Work instruction
Please repeat the records, word for word and without gaps.

Stored data

= = = = =

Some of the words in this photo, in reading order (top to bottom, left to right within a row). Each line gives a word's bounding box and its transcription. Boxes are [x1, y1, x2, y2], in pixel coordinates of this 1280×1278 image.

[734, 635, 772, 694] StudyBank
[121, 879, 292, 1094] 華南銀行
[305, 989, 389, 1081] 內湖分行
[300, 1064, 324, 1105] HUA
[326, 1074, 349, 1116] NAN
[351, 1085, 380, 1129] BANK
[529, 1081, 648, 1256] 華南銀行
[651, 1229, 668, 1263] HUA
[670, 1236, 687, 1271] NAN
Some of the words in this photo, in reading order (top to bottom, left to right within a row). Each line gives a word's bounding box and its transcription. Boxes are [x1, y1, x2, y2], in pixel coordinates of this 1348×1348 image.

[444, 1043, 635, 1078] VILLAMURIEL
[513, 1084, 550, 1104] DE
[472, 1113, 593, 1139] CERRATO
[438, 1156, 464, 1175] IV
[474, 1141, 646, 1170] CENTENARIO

= = = = =

Result of the task
Some of the words in this photo, in reading order (top to bottom, left to right within a row). Each line gives a word's bounding box and its transcription. Boxes are [x1, y1, x2, y2], in pixel coordinates of this 1280×1278 image.

[734, 635, 772, 694] StudyBank
[121, 879, 292, 1094] 華南銀行
[305, 989, 389, 1081] 內湖分行
[300, 1064, 324, 1105] HUA
[326, 1074, 349, 1116] NAN
[351, 1085, 380, 1129] BANK
[529, 1081, 648, 1256] 華南銀行
[651, 1229, 668, 1263] HUA
[670, 1236, 687, 1271] NAN
Some of the words in this photo, in reading order (top to bottom, left to right within a row). Each line gives a word's bounding box and its transcription. Boxes are [x1, y1, x2, y2], in pixel coordinates of this 1348×1348 image.

[444, 1043, 635, 1078] VILLAMURIEL
[513, 1084, 550, 1104] DE
[472, 1113, 593, 1139] CERRATO
[438, 1156, 464, 1175] IV
[474, 1141, 646, 1170] CENTENARIO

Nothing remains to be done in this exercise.